Life Transitions Therapy
with Chris Sampsell, LPC
Honest, grounded therapy for change, uncertainty, and figuring out what comes next when life no longer feels like it fits.
Life transitions can be difficult even when they are technically the right move. Sometimes the change is obvious: a breakup, a move, a new job, a career shift, a marriage, a loss, or the end of a chapter you thought would last longer. Other times, the transition is harder to name. You just know something feels off. The life you are living may look fine from the outside, but underneath it, something no longer fits the way it used to.

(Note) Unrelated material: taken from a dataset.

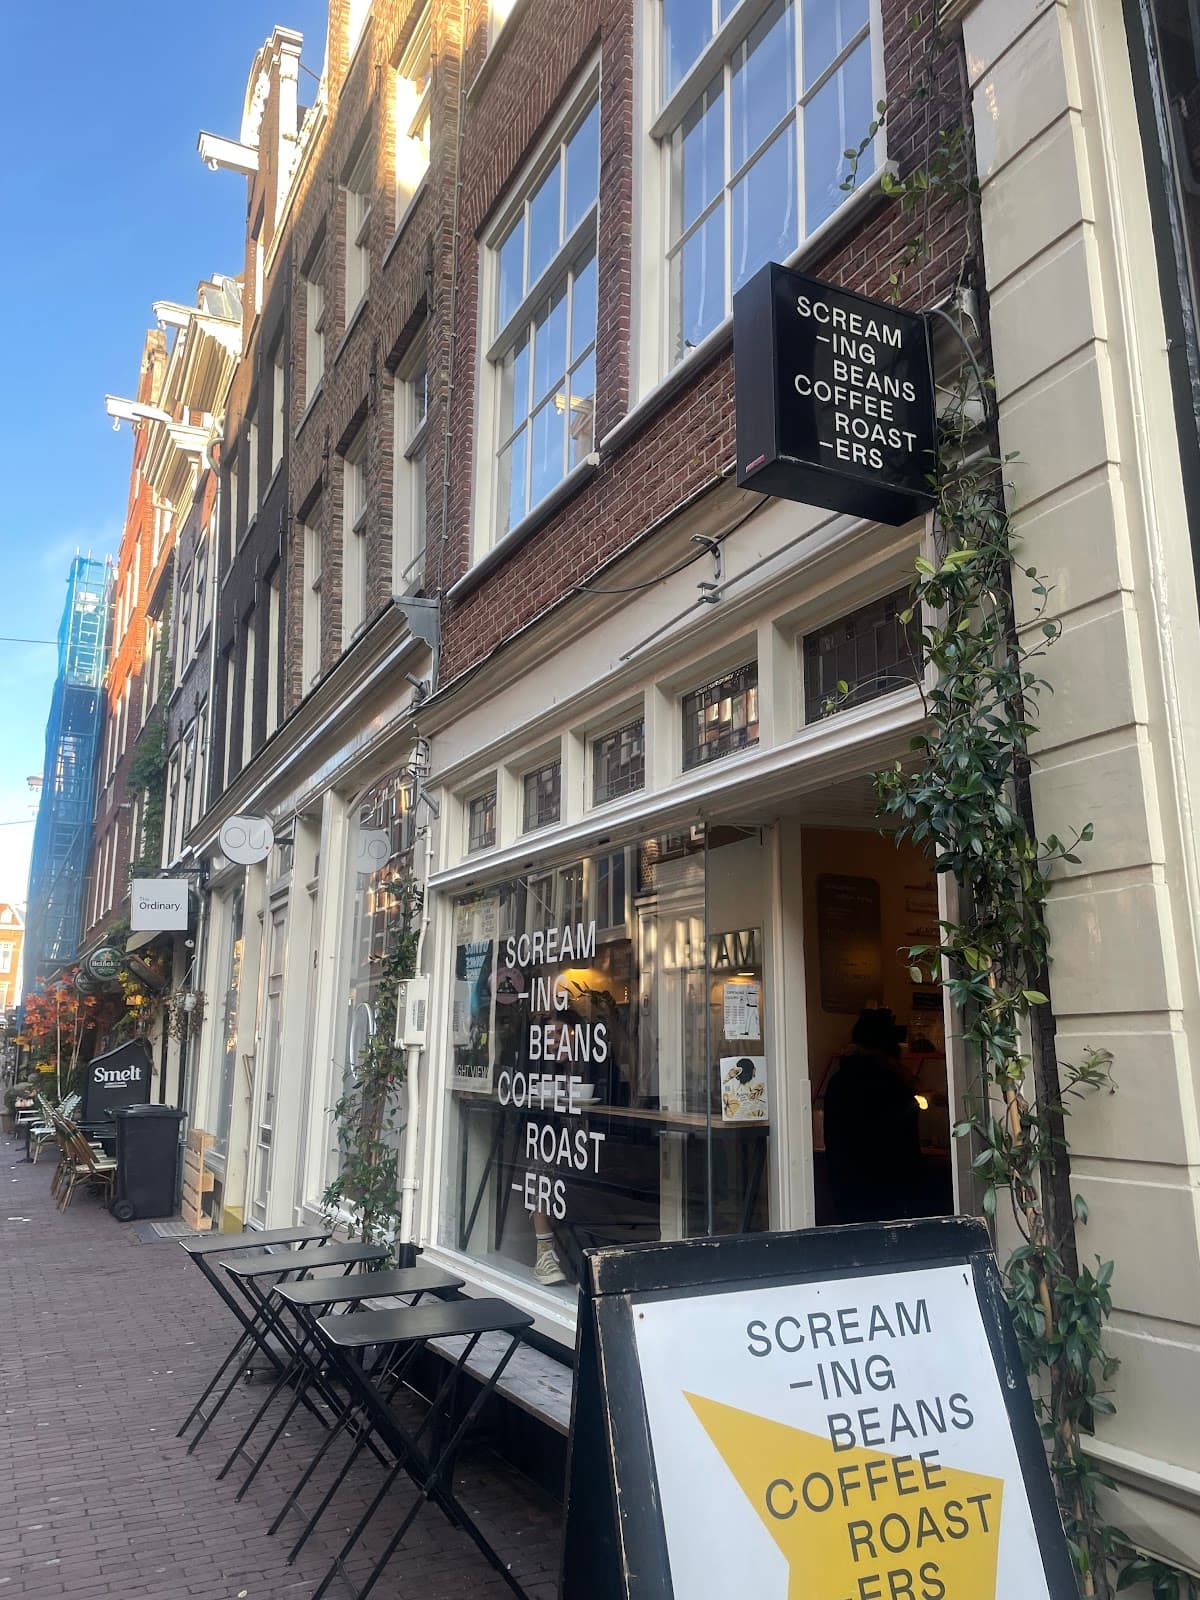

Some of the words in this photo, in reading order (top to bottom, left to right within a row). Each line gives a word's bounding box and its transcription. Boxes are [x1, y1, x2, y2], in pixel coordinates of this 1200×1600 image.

I work with adults dealing with life transitions, identity shifts, uncertainty, grief, anxiety, relationship changes, and the pressure of trying to make good decisions when the ground feels less steady than usual. I connect especially well with people who are trying to understand what is changing, why it feels so hard, and how to move forward without forcing themselves into a version of life that no longer feels right.
Why Life Transitions Feel So Hard
A life transition is not just about logistics. It is usually about identity. When something changes, you are not only trying to handle the practical side of it. You are also trying to understand what it means about you, your future, your relationships, and the life you thought you were building. That is why even positive transitions can feel overwhelming. You may feel excited, anxious, guilty, uncertain, or all of those at once.
I think people often underestimate this because transitions are so common. They can sound normal on paper. Everyone changes jobs. Everyone moves. Everyone goes through breakups, losses, or periods of uncertainty. But that does not mean the experience is small. A transition can shake your confidence, stir up old patterns, and force questions you were not ready to ask yet. Therapy can help you slow that down and make sense of it.
I Understand This Personally
This work makes sense to me personally. I did not follow a simple, linear path into becoming a therapist. Before this, I spent years in different people-facing jobs, including sales, music-related work, and catastrophe support, and at a certain point I had to admit that I wanted a different kind of life. I know what it is like to leave one path, move toward another, and deal with the uncertainty that comes with that.
I also know personally what it is like to build a life through change that does not come neatly or all at once. My relationship included years of long distance, immigration stress, and figuring out how to build a future across cultures. Those experiences are different from every client’s situation, but they have shaped how I understand transition. I know that change is not just about what is happening on the surface. It is also about what you are carrying internally while you are trying to adjust.
Change Can Bring Up More Than You Expect
A lot of people think a transition should feel easier once they decide what to do. Sometimes it does not. Even when you know a change is necessary, you can still feel grief, doubt, fear, or a strange sense of losing part of yourself. You may find yourself overthinking every decision, questioning your instincts, or feeling stuck between what looks practical and what actually feels right.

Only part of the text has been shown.